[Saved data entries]
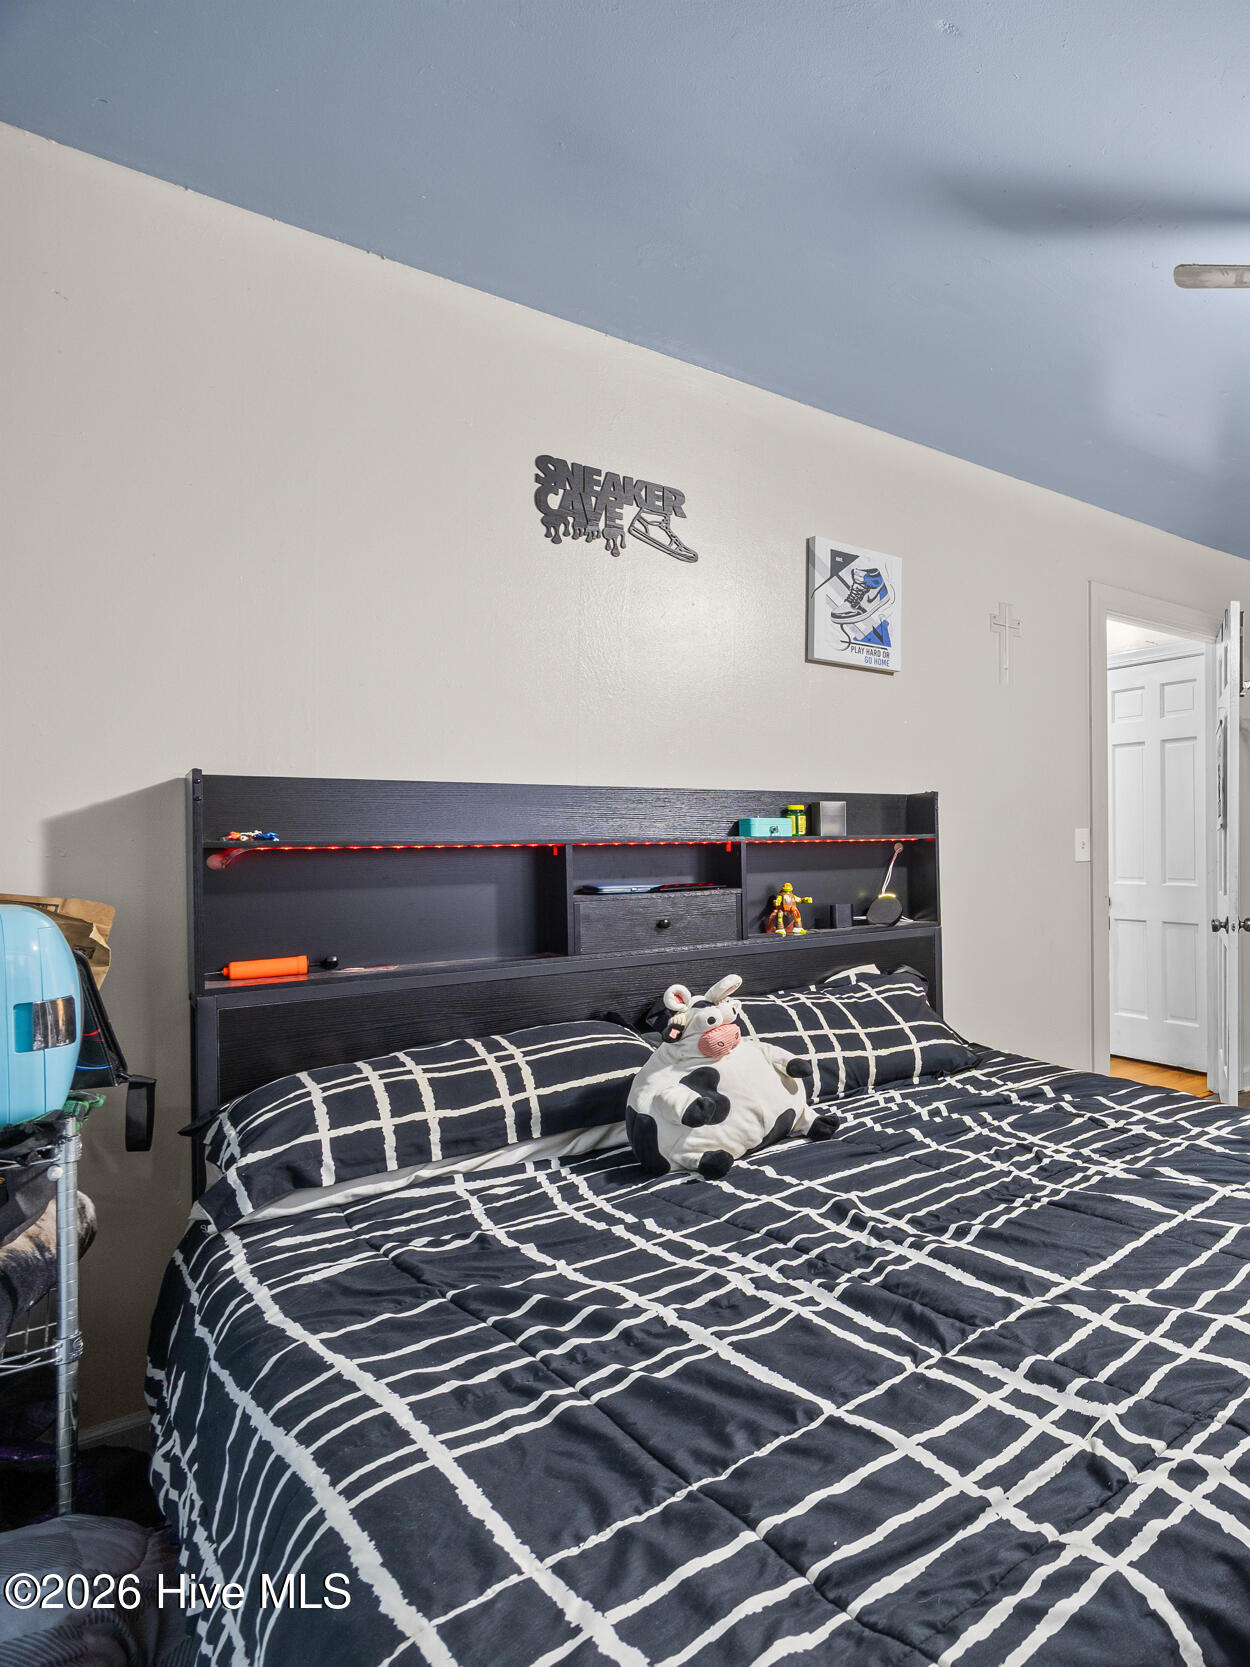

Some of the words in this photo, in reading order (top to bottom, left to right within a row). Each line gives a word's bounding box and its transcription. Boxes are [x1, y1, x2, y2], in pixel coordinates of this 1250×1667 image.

[534, 454, 687, 518] SNEAKER
[534, 481, 624, 538] CAVE
[851, 646, 865, 655] PLAY
[866, 648, 881, 658] HARD
[882, 650, 890, 659] OR
[864, 656, 873, 664] GO
[874, 657, 890, 667] HOME
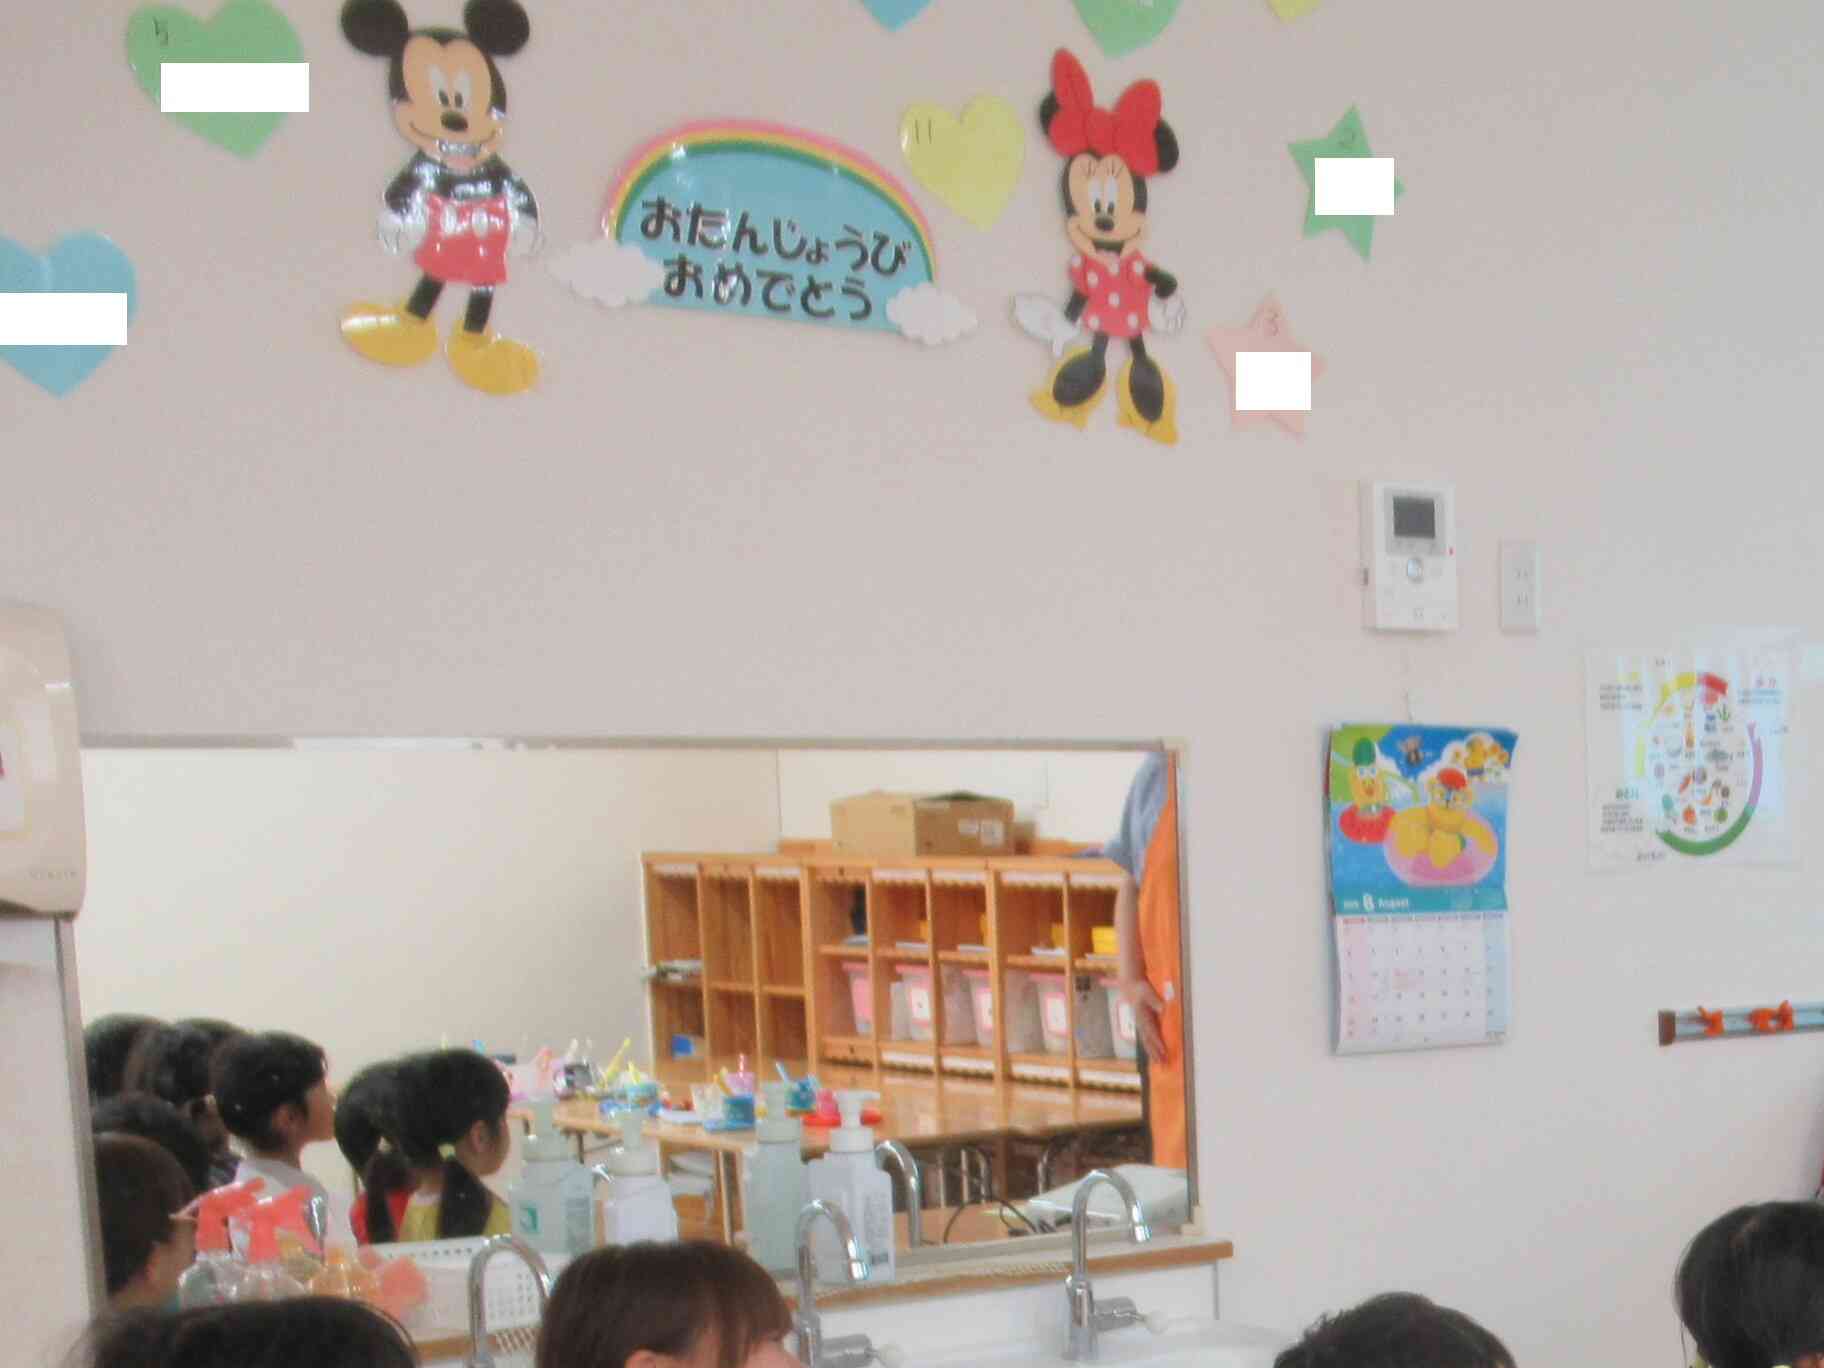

(Exercise aim): Return the data word for word without its pictures.

(Exercise result):
Some of the words in this photo, in reading order (top to bottom, left to right within a row). Each line gives a word's bounding box and its transcription. Boxes are [x1, y1, x2, y2], in pixel coordinates of this 1250×1667 image.

[534, 454, 687, 518] SNEAKER
[534, 481, 624, 538] CAVE
[851, 646, 865, 655] PLAY
[866, 648, 881, 658] HARD
[882, 650, 890, 659] OR
[864, 656, 873, 664] GO
[874, 657, 890, 667] HOME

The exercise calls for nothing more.